======== DATA TO PROCESS
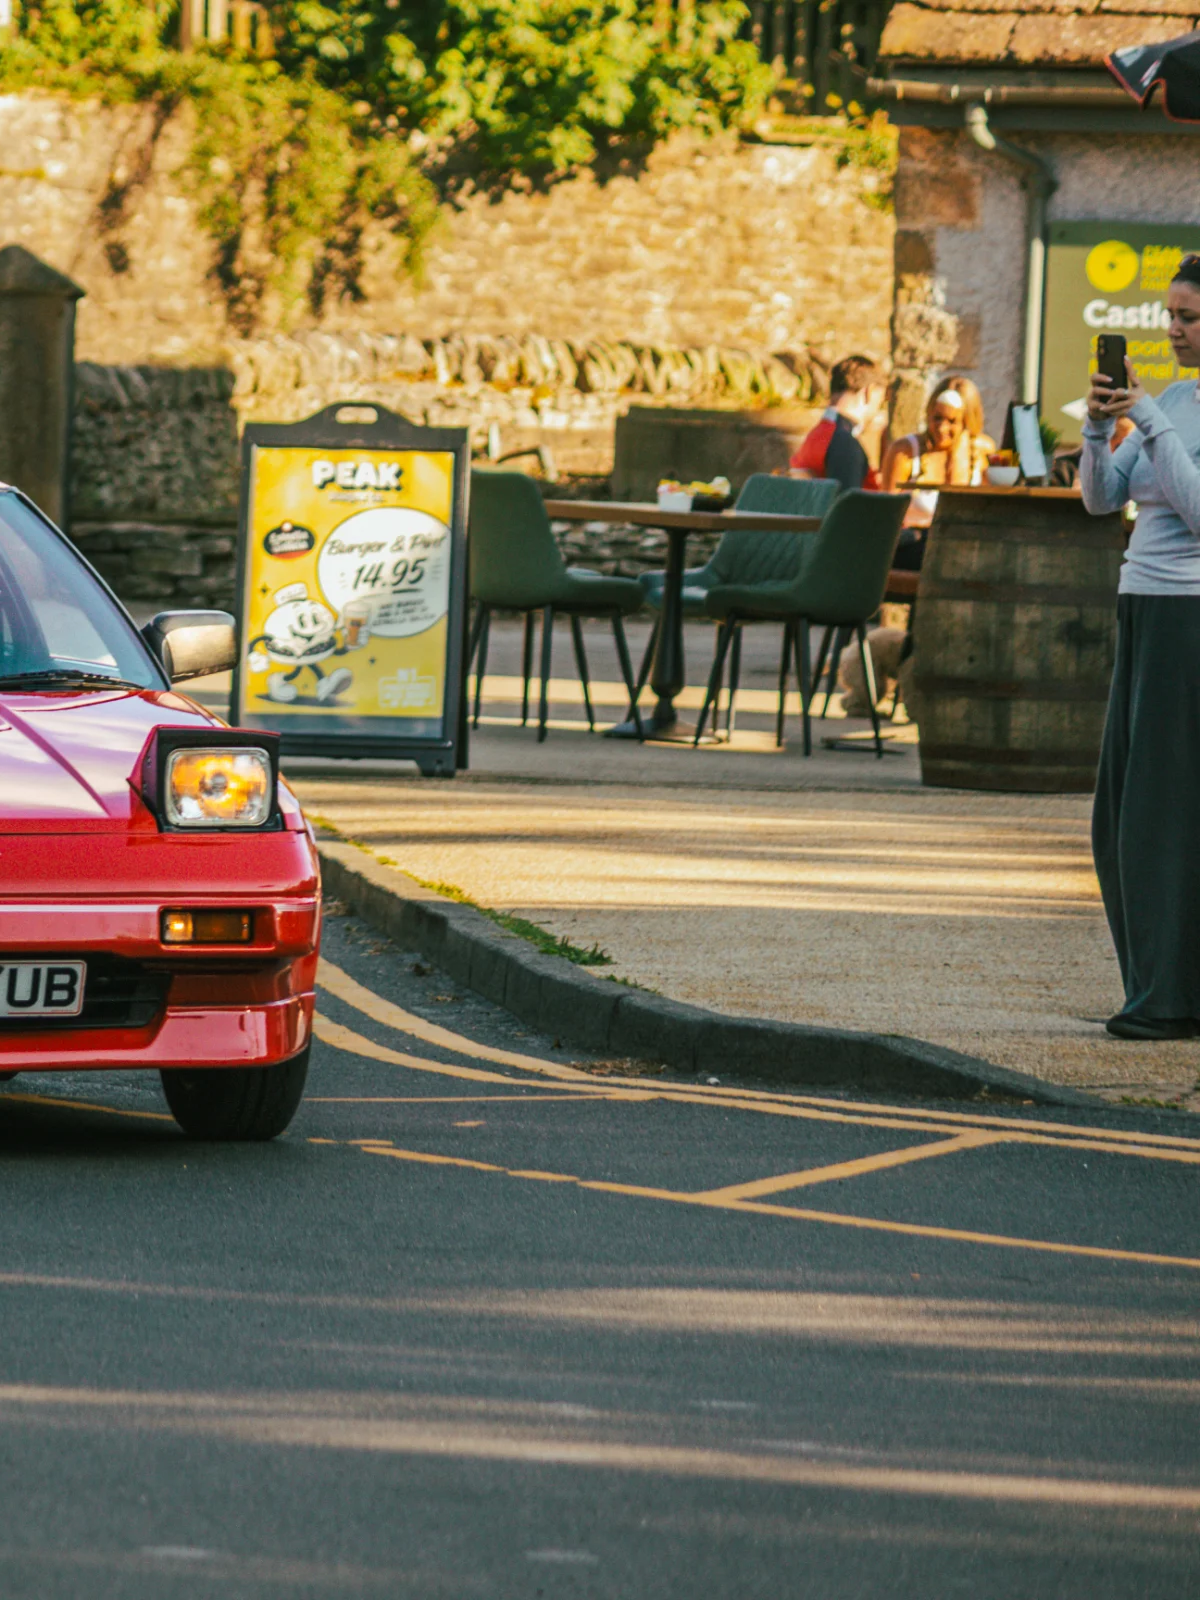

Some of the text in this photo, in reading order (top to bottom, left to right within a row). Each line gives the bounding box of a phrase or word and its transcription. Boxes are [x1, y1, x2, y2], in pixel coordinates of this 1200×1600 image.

[1089, 334, 1170, 357] Sport
[311, 460, 403, 491] PEAK
[326, 539, 388, 558] Burger
[390, 535, 405, 552] &
[352, 556, 428, 591] 14.95
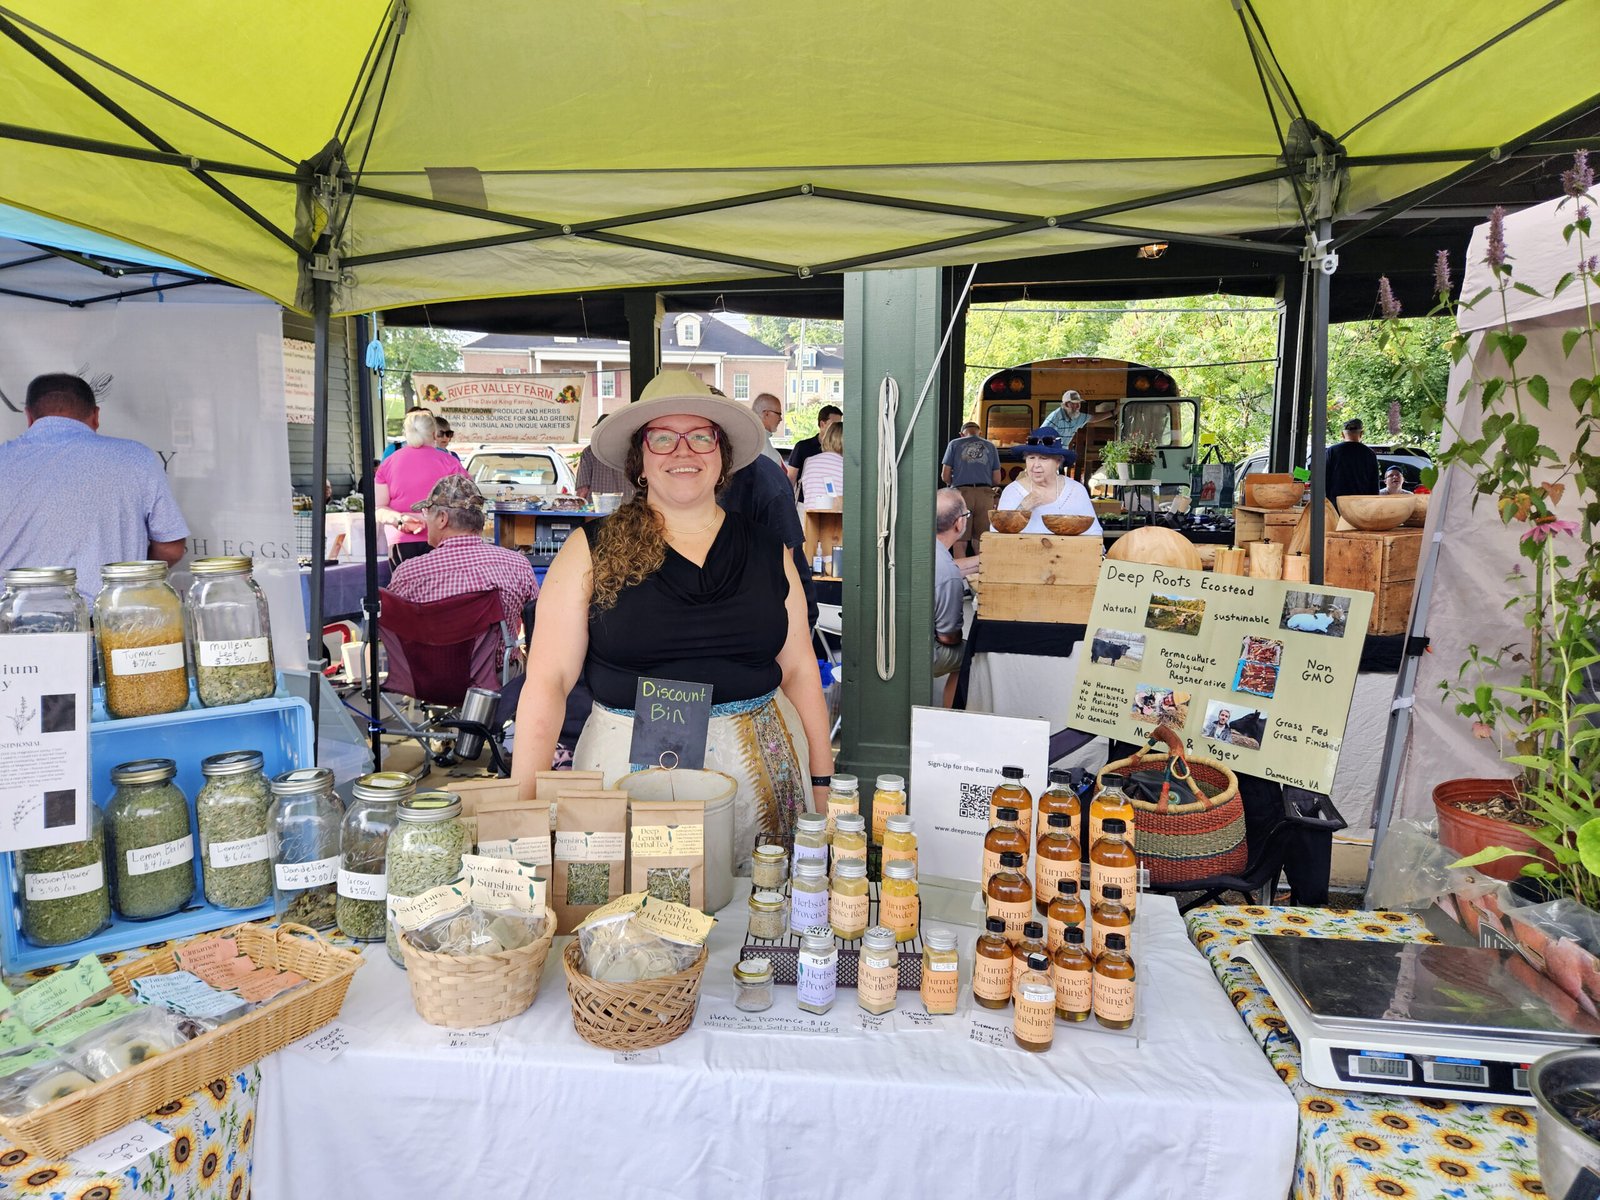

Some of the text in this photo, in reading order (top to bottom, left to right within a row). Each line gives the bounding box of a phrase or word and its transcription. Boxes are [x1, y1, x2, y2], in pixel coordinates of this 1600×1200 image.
================
■ WHAT THE TASK ASKS ■
The task calls for duplicating the data exactly, with no images kept.

■ ANSWER BOX ■
Some of the text in this photo, in reading order (top to bottom, left to right within a row). Each line gives the bounding box of a phrase or word and its transcription. Boxes are [x1, y1, x2, y2], in pixel coordinates of this 1200×1600 image.

[1089, 334, 1170, 357] Sport
[311, 460, 403, 491] PEAK
[326, 539, 388, 558] Burger
[390, 535, 405, 552] &
[352, 556, 428, 591] 14.95

Some of the text in this photo, in reading order (top to bottom, left to right within a row). Each line gives the bounding box of a phrase or word and its transcription. Boxes are [x1, y1, x2, y2], in pixel coordinates of this 1600×1200 image.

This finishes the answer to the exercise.